**EXERCISE INSTRUCTIONS**
Your copy should match the listing word for word, apart from the pictures, which are left out.

[SOURCE DATA]

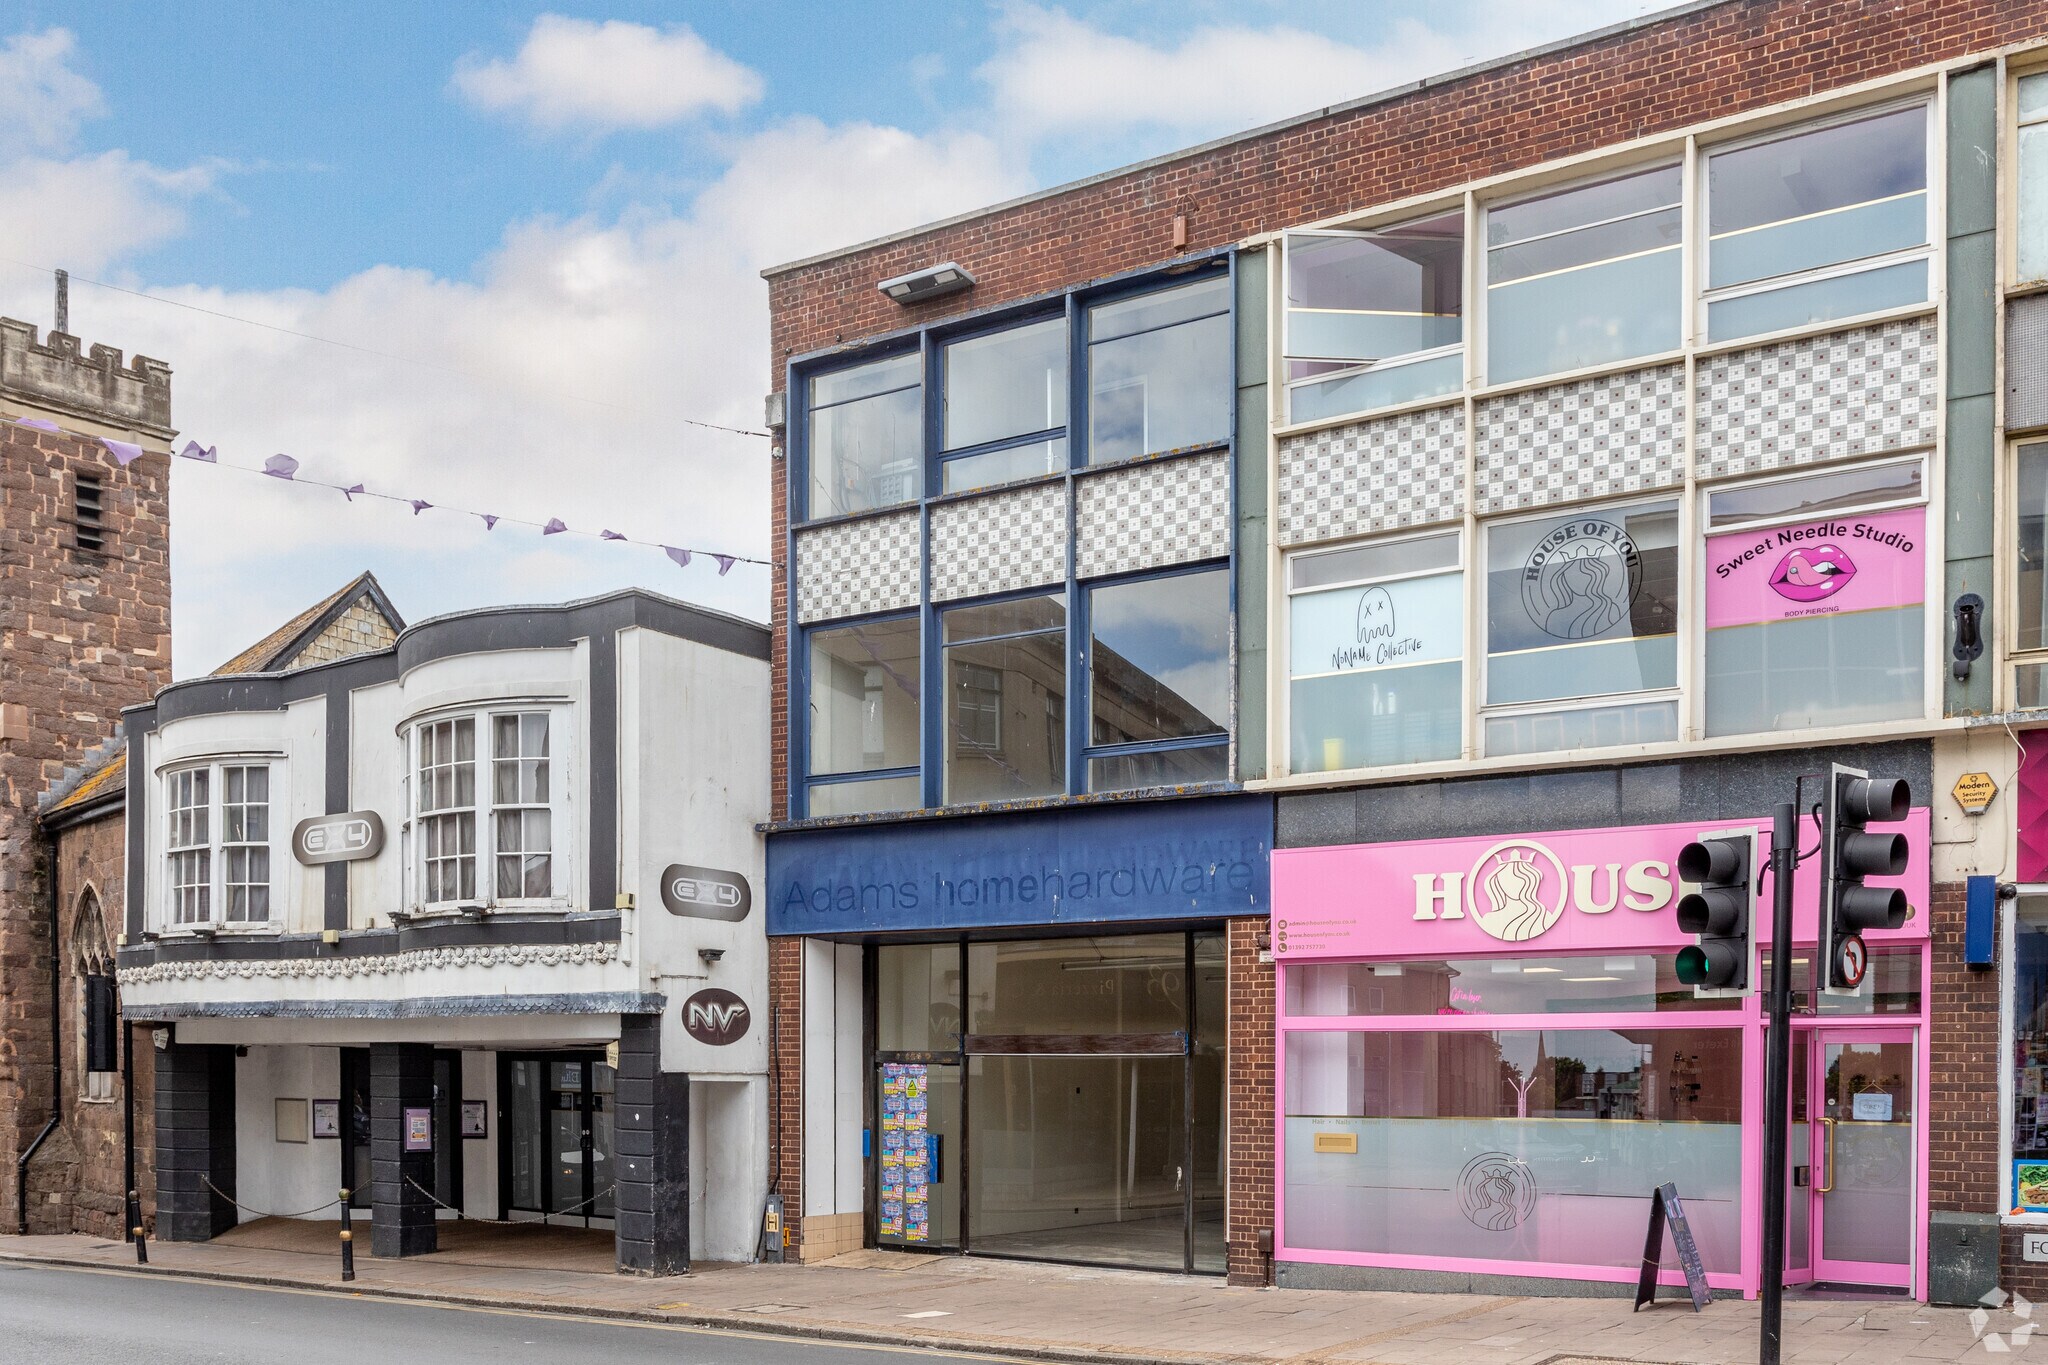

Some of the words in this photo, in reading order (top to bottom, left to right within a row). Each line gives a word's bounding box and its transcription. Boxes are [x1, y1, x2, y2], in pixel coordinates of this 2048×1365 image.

[1526, 525, 1577, 582] HOUSE
[1582, 522, 1610, 537] OF
[1611, 530, 1639, 568] YOU
[1715, 538, 1774, 579] Sweet
[1777, 522, 1848, 546] Needle
[1852, 523, 1914, 553] Studio
[1784, 609, 1804, 618] BODY
[1805, 605, 1840, 615] PIERCING
[1958, 782, 1990, 790] Modern
[782, 880, 919, 914] Adams
[690, 1002, 745, 1032] NV
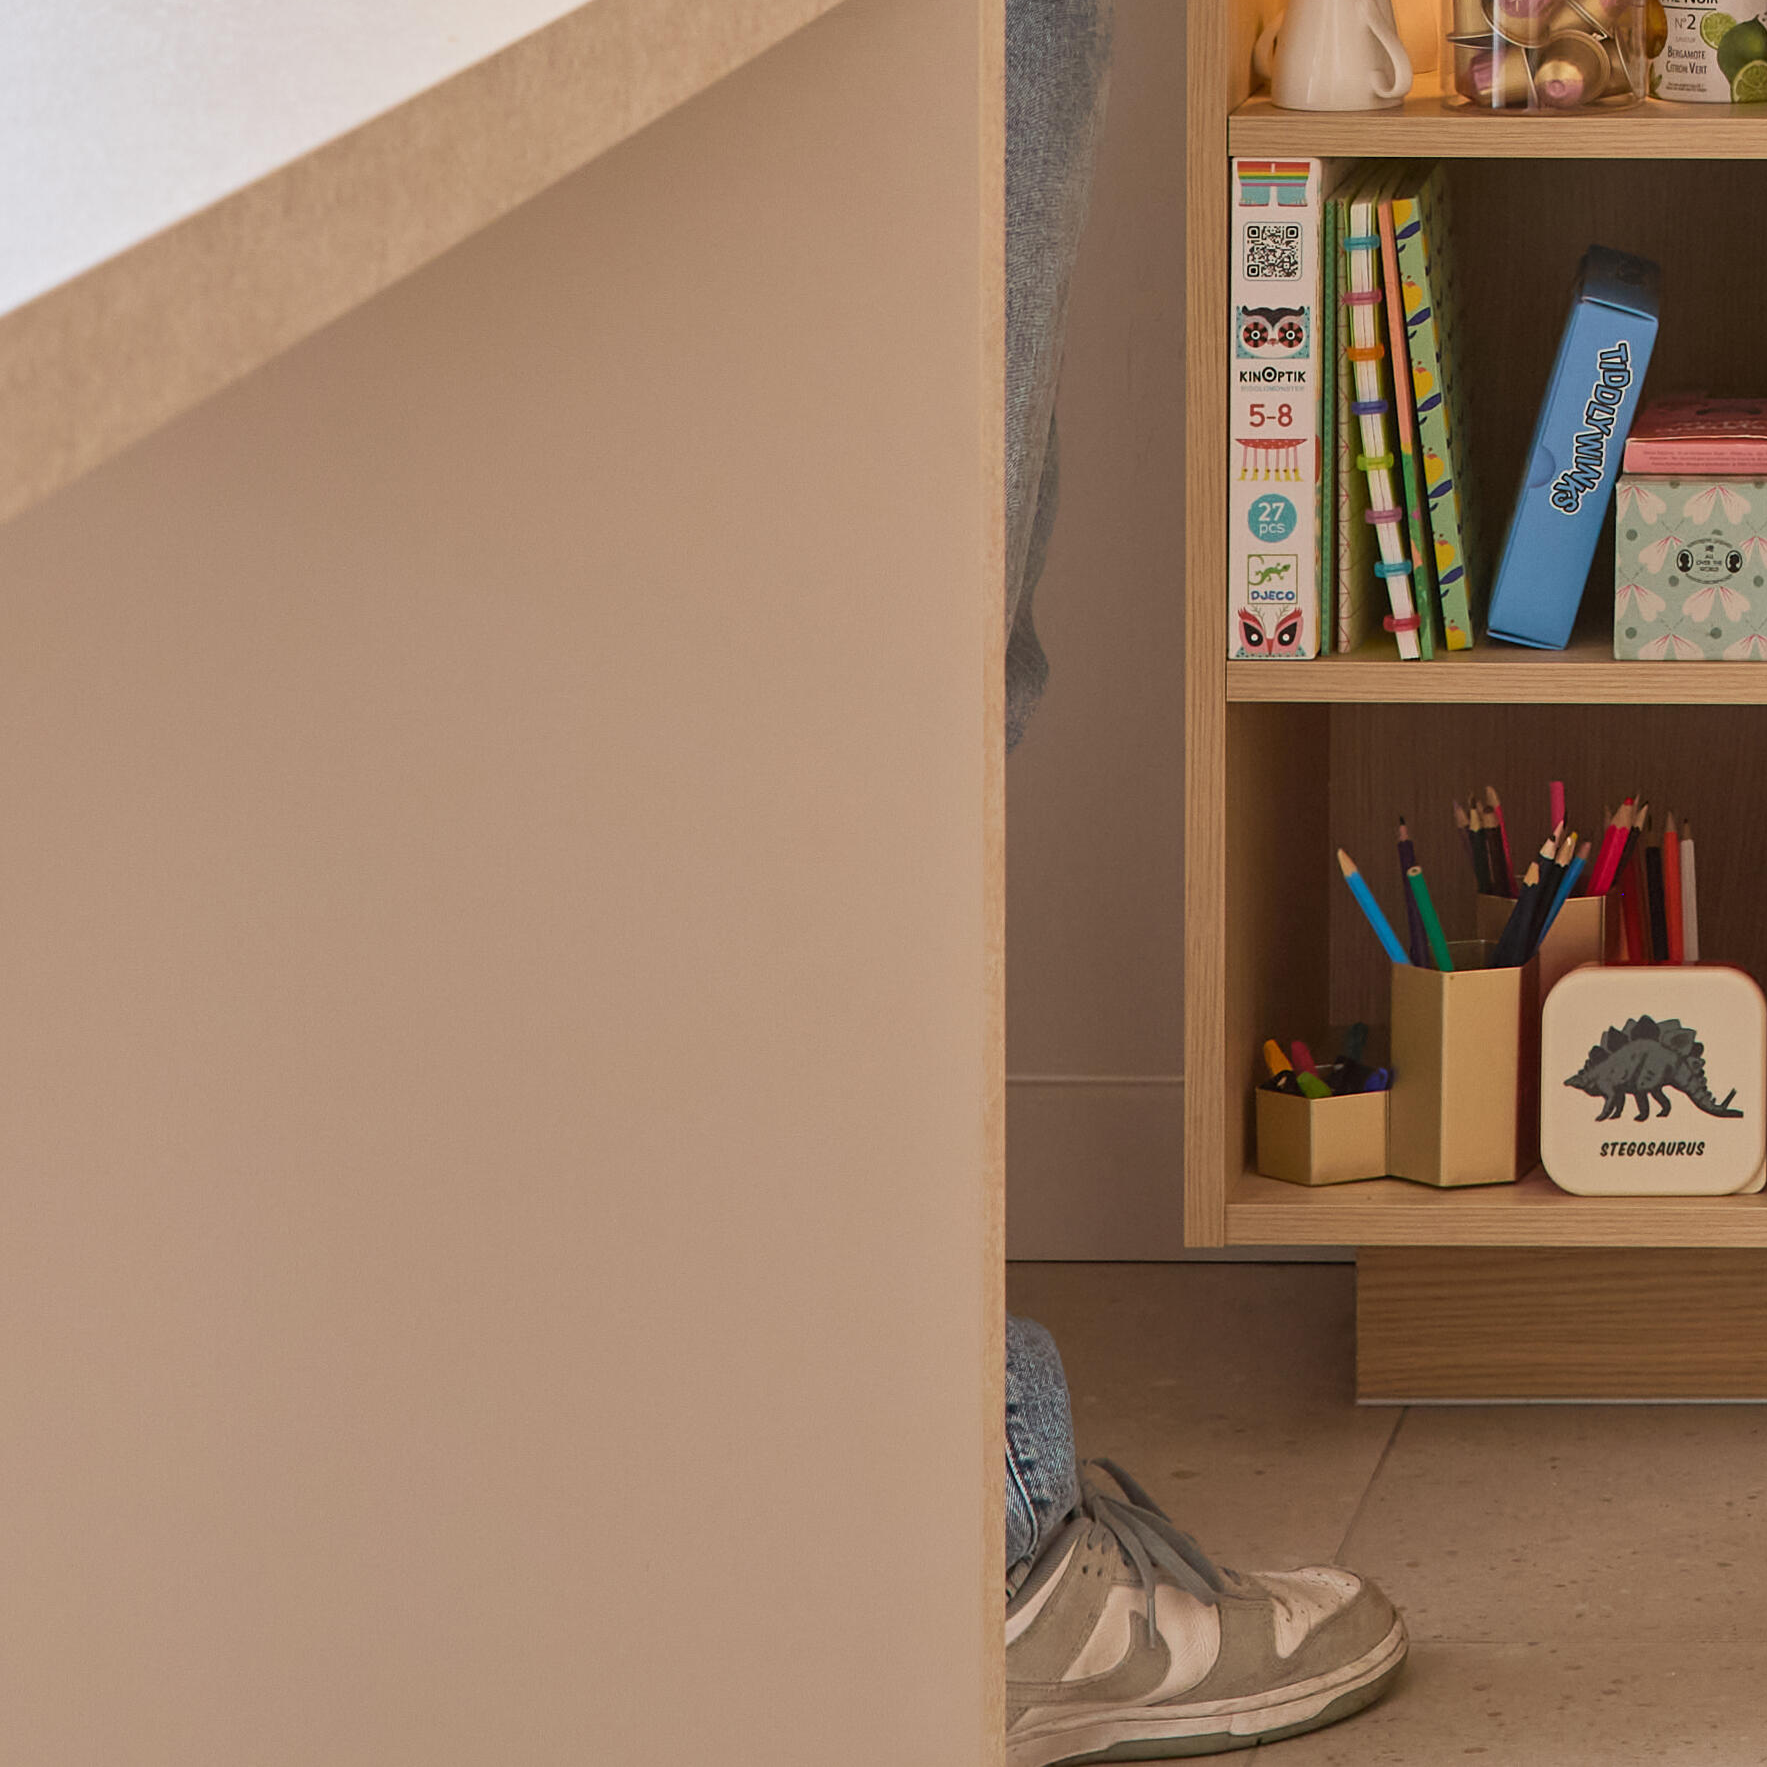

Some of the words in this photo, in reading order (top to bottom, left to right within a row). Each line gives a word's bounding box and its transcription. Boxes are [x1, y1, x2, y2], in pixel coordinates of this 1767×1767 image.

[1239, 366, 1306, 383] KINOPTIK
[1249, 403, 1293, 427] 5-8
[1550, 340, 1632, 515] TIDDLYWINKS
[1258, 501, 1285, 522] 27
[1259, 522, 1285, 537] pcs
[1250, 589, 1296, 602] DJECO
[1600, 1141, 1706, 1157] STEGOSAURUS

[/SOURCE DATA]

**PROBLEM SOLUTION**
Some of the words in this photo, in reading order (top to bottom, left to right within a row). Each line gives a word's bounding box and its transcription. Boxes are [x1, y1, x2, y2], in pixel coordinates of this 2048×1365 image.

[1526, 525, 1577, 582] HOUSE
[1582, 522, 1610, 537] OF
[1611, 530, 1639, 568] YOU
[1715, 538, 1774, 579] Sweet
[1777, 522, 1848, 546] Needle
[1852, 523, 1914, 553] Studio
[1784, 609, 1804, 618] BODY
[1805, 605, 1840, 615] PIERCING
[1958, 782, 1990, 790] Modern
[782, 880, 919, 914] Adams
[690, 1002, 745, 1032] NV

Some of the words in this photo, in reading order (top to bottom, left to right within a row). Each line gives a word's bounding box and its transcription. Boxes are [x1, y1, x2, y2], in pixel coordinates of this 1767×1767 image.

[1239, 366, 1306, 383] KINOPTIK
[1249, 403, 1293, 427] 5-8
[1550, 340, 1632, 515] TIDDLYWINKS
[1258, 501, 1285, 522] 27
[1259, 522, 1285, 537] pcs
[1250, 589, 1296, 602] DJECO
[1600, 1141, 1706, 1157] STEGOSAURUS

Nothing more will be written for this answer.